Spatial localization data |
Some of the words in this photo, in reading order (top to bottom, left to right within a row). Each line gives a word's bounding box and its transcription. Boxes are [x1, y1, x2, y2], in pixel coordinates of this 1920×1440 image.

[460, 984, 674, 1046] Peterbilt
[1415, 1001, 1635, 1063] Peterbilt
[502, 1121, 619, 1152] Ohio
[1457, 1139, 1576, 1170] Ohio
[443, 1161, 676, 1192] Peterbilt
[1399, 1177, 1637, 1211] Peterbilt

Required action |
In full and without alteration, write out the data above.

Output for this exercise |
Some of the words in this photo, in reading order (top to bottom, left to right within a row). Each line gives a word's bounding box and its transcription. Boxes are [x1, y1, x2, y2], in pixel coordinates of this 1920×1440 image.

[460, 984, 674, 1046] Peterbilt
[1415, 1001, 1635, 1063] Peterbilt
[502, 1121, 619, 1152] Ohio
[1457, 1139, 1576, 1170] Ohio
[443, 1161, 676, 1192] Peterbilt
[1399, 1177, 1637, 1211] Peterbilt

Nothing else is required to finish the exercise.